Increased plasma and endothelial cell expression of chemokines and adhesion molecules in chronic kidney disease.

Chemokines and adhesion molecules are involved in early events of atherogenesis. In the present study, we investigated the effects of the uremic milieu on the expression of monocyte chemoattractant protein-1 (MCP-1), interleukin-8 (IL-8), soluble vascular adhesion molecule-1 (sVCAM-1) and soluble intercellular adhesion molecule-1 (sICAM-1) and their relationship to cardiovascular status. Plasma samples were obtained from patients in different stages of chronic kidney disease (CKD). Cardiovascular status was evaluated by intima-media thickness and endothelial dysfunction by flow mediation dilatation and proteinuria.
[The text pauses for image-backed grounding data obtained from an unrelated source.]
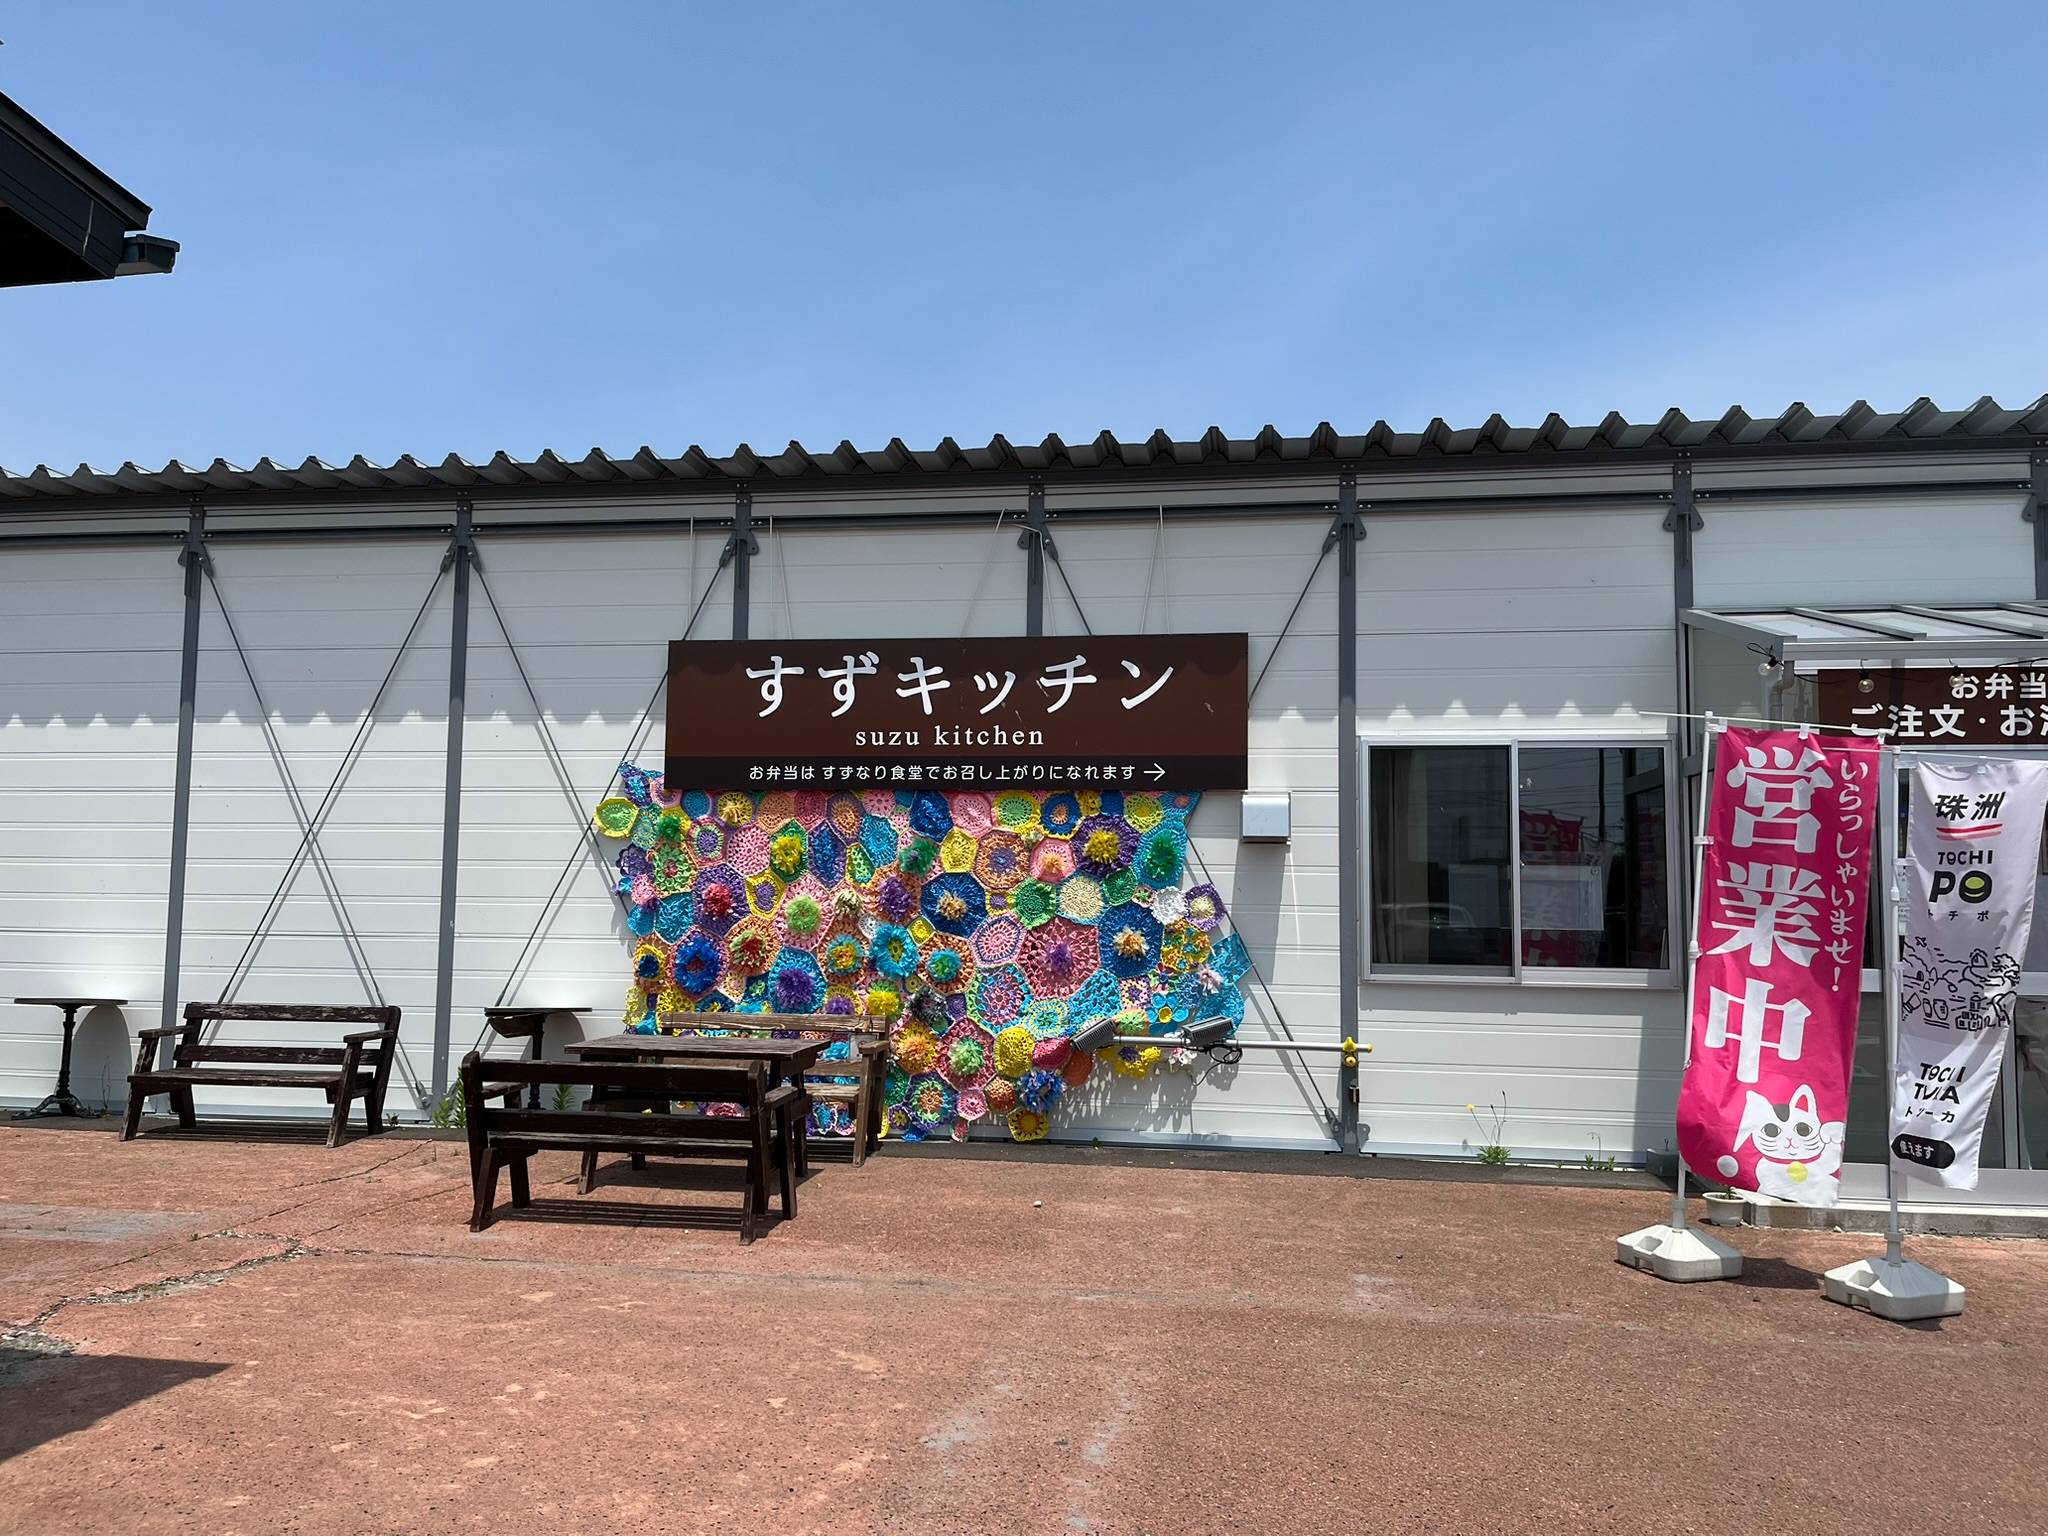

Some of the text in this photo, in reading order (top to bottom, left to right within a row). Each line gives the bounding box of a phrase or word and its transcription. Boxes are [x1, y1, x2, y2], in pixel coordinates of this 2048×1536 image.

[746, 651, 1174, 719] すずキッチン
[1951, 672, 2046, 699] お弁当
[855, 724, 1045, 746] suzu kitchen
[749, 765, 815, 780] お弁当は
[1934, 791, 2006, 821] 珠洲
[1938, 850, 1993, 865] TOCHI
[1929, 870, 1993, 904] PO
[1704, 746, 1833, 1083] 営業中
[1920, 1063, 1966, 1082] TOCI
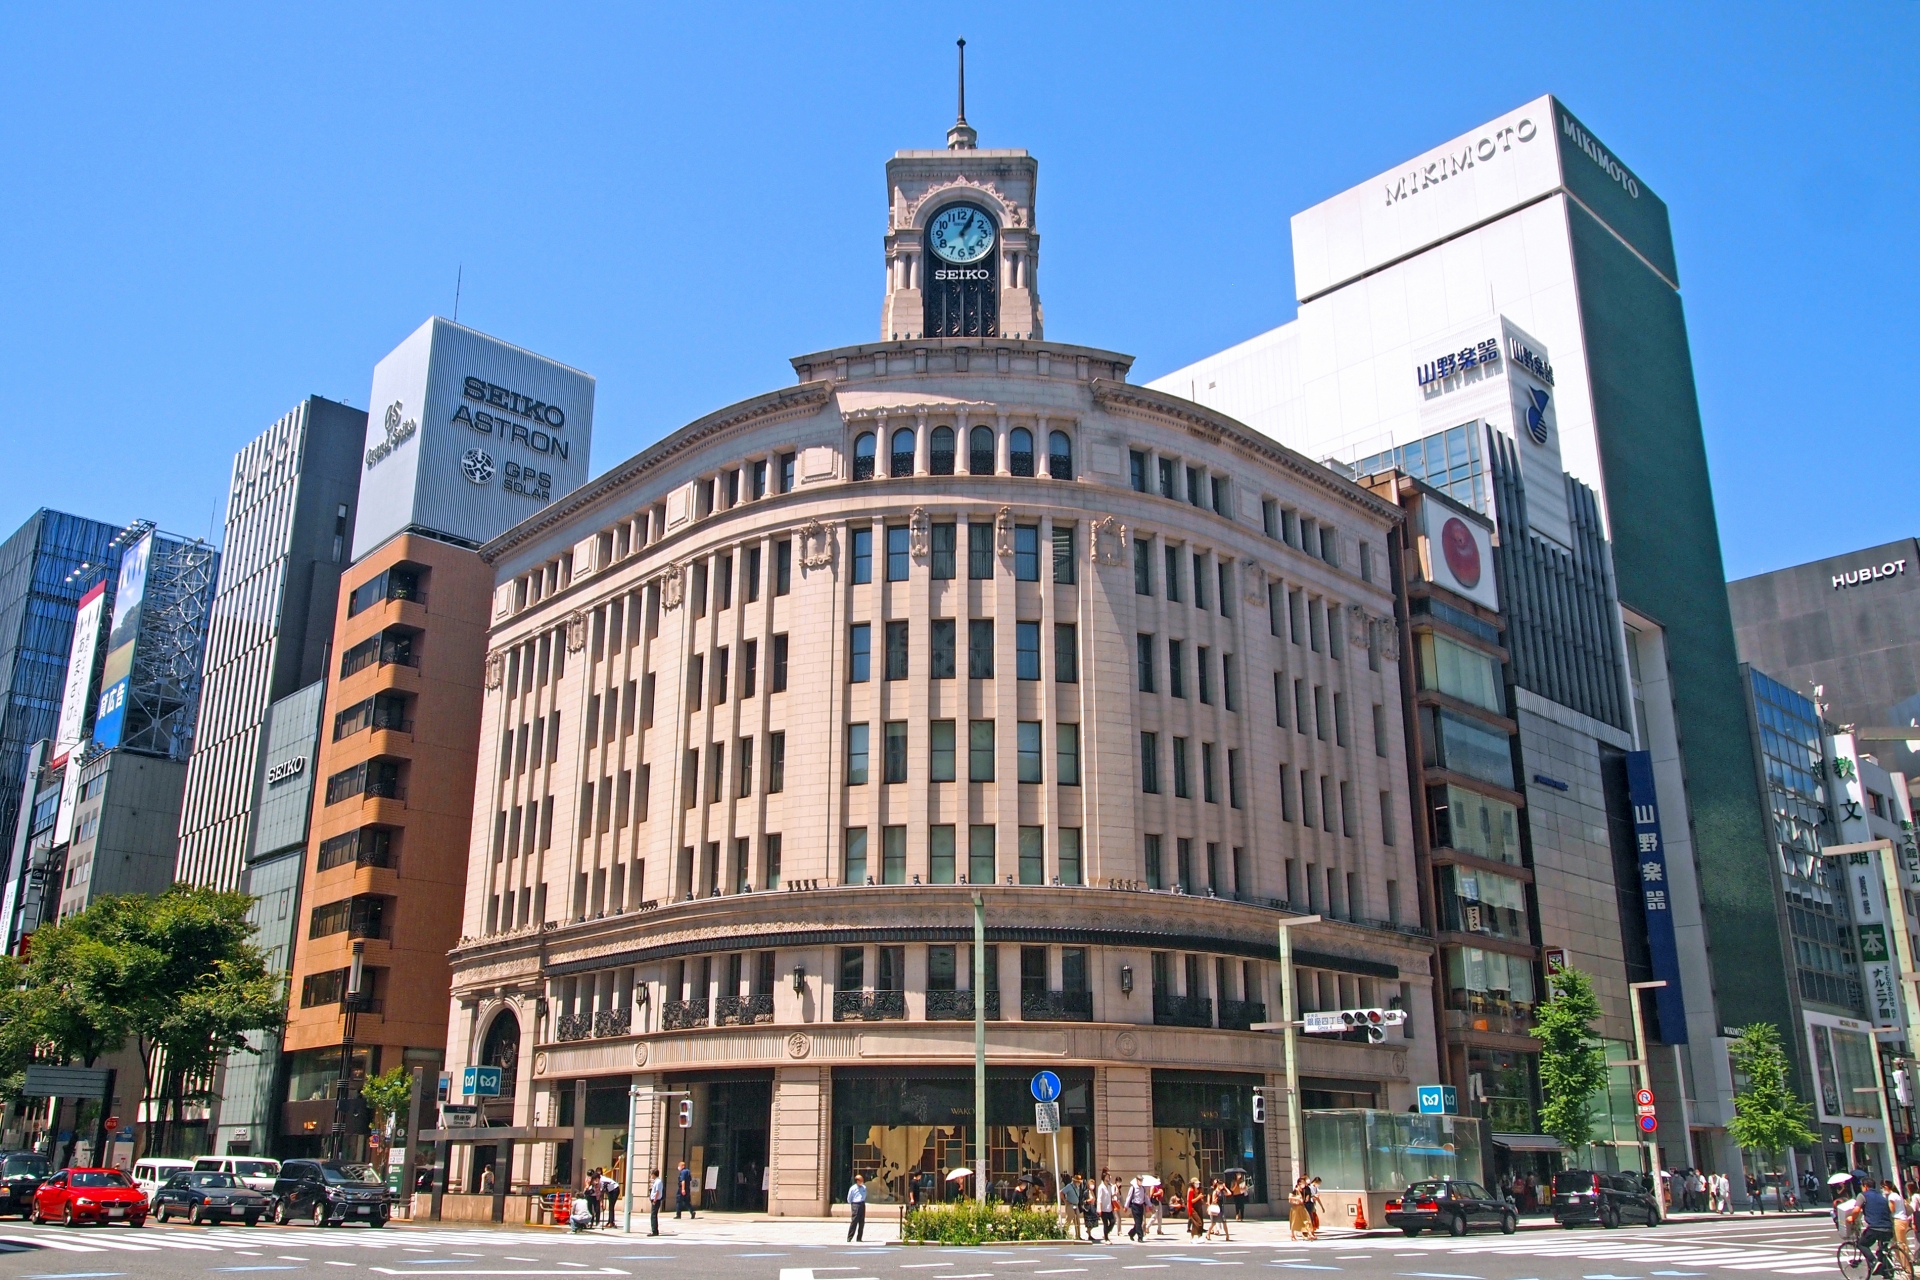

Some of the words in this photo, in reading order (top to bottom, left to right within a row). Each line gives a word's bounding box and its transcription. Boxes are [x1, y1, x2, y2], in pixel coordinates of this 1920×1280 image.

[1384, 117, 1537, 206] MIKIMOTO
[1562, 114, 1639, 200] MIKIMOTO
[939, 220, 948, 229] 10
[948, 213, 956, 222] 11
[957, 211, 967, 220] 12
[977, 220, 984, 229] 2
[936, 230, 943, 239] 9
[940, 240, 947, 248] 8
[976, 239, 984, 248] 4
[980, 230, 988, 238] 3
[948, 246, 956, 255] 7
[958, 248, 965, 258] 6
[968, 246, 976, 255] 5
[935, 269, 989, 280] SEIKO
[1417, 338, 1498, 387] 山野楽器
[1510, 336, 1555, 387] 山野楽器
[462, 375, 565, 428] SEIKO
[365, 434, 391, 466] Grand
[391, 418, 417, 446] Seiko
[452, 405, 568, 460] ASTRON
[504, 460, 552, 489] GPS
[502, 479, 550, 501] SOLAR
[1832, 559, 1907, 588] HUBLOT
[97, 682, 126, 721] 貸広告
[267, 755, 305, 784] SEIKO
[1634, 804, 1666, 911] 山野楽器
[1861, 930, 1885, 957] 本
[950, 1107, 976, 1116] WAKO
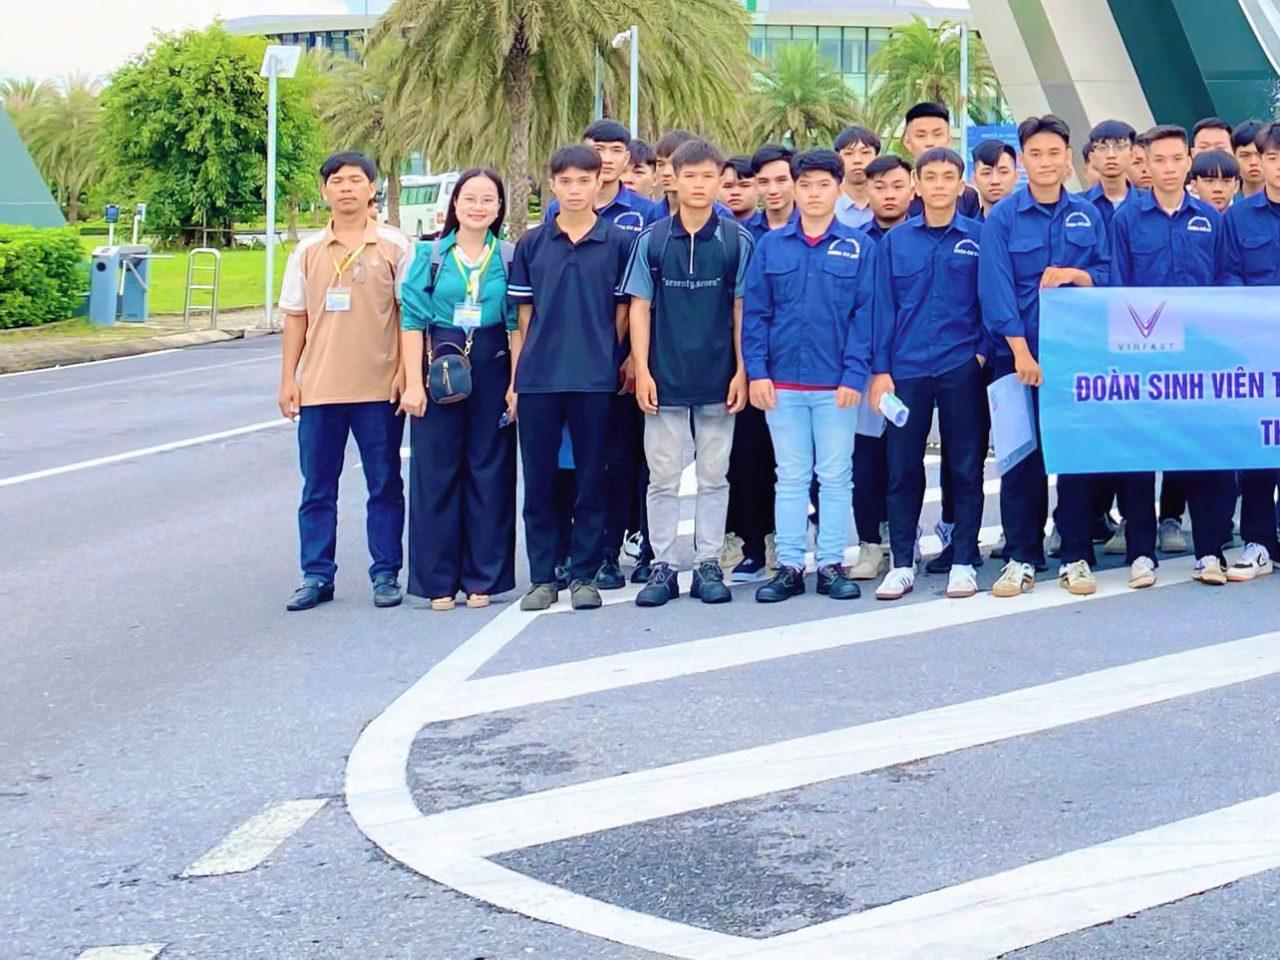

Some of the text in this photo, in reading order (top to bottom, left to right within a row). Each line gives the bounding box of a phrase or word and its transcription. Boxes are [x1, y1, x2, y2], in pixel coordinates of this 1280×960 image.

[1075, 369, 1139, 402] ĐOÀN
[1149, 373, 1203, 400] SINH
[1211, 366, 1264, 398] VIÊN
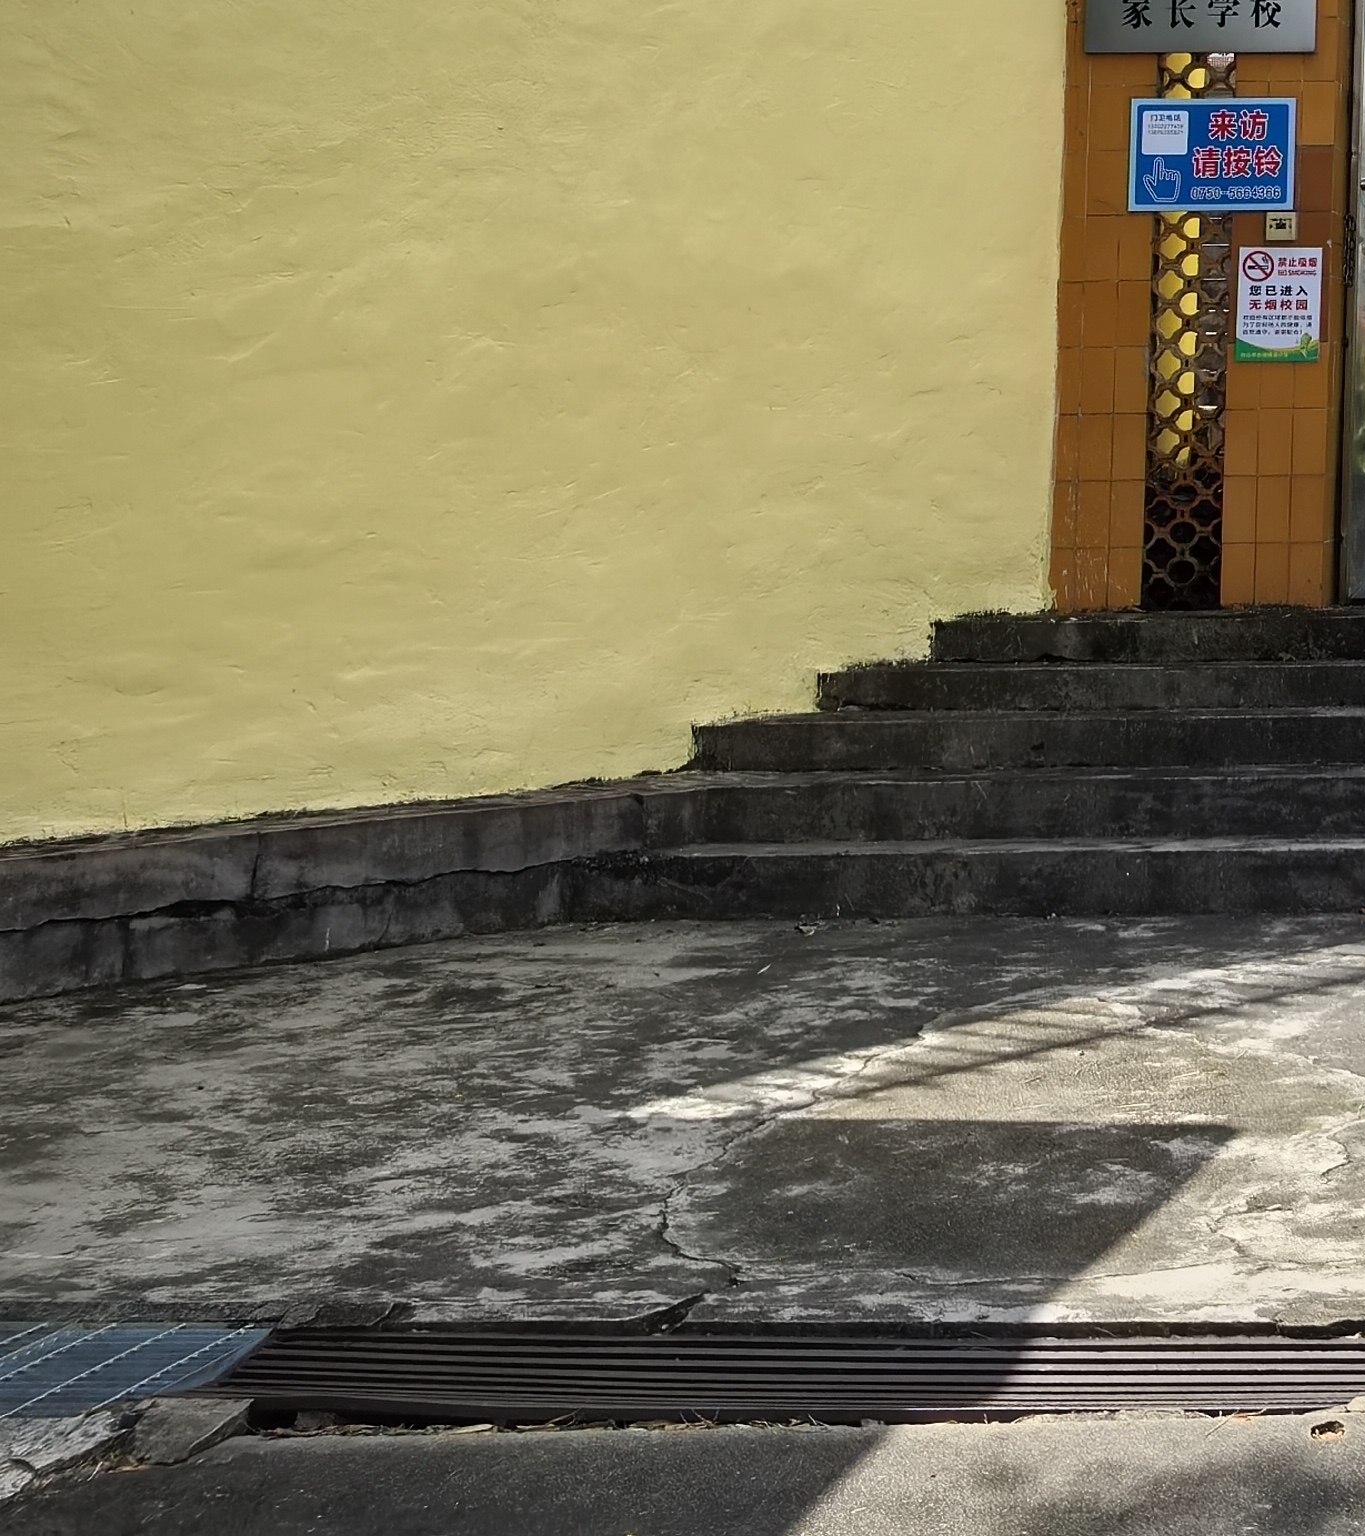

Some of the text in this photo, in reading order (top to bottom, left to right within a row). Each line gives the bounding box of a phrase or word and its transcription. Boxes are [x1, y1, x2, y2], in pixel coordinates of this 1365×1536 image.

In vitro studies were performed using human umbilical endothelial cells exposed to uremic plasma or plasma from healthy subjects. MCP-1, IL-8, sVCAM-1 and sICAM-1 levels in plasma and in supernatant were analyzed by enzyme-linked immunosorbent assay. The population consisted of 73 (mean age 57 years; 48% males) CKD patients with glomerular filtration rate (GFR) of 37 +/- 2 ml/min. MCP-1 and sVCAM-1 plasma levels were negatively correlated with GFR (rho = -0.40, p < 0.0005 and rho = -0.42, p < 0.0005, respectively). Fibrinogen was positively correlated with MCP-1, sICAM-1 and sVCAM-1 (rho = 0.33, p < 0.005, rho = 0.32, p < 0.05 and rho = 0.25, p < 0.05, respectively) and ultra-high-sensitivity C-reactive protein was positively correlated with sICAM-1 (rho = 0.25, p < 0.0005). Plasma IL-8 had a significant positive correlation with proteinuria (rho = 0.31, p < 0.01). There was a time- and CKD-stage-dependent MCP-1, IL-8 and sVCAM-1 endothelial expression (p < 0.05). In summary, plasma levels of markers of endothelial cell activation (MCP-1 and sVCAM-1) are increased in more advanced CKD. Exposure of endothelial cells to uremic plasma results in a time- and CKD-stage-dependent increased expression of MCP-1, IL-8 and sVCAM-1, suggesting a link between vascular activation, systemic inflammation and uremic toxicity. Future studies are necessary to investigate whether these biomarkers add predictive value in comparison to the previously described ones. Also, endothelial response to uremic toxicity should be viewed as a potential target for intervention in order to reduce morbidity and mortality in CKD-related cardiovascular disease.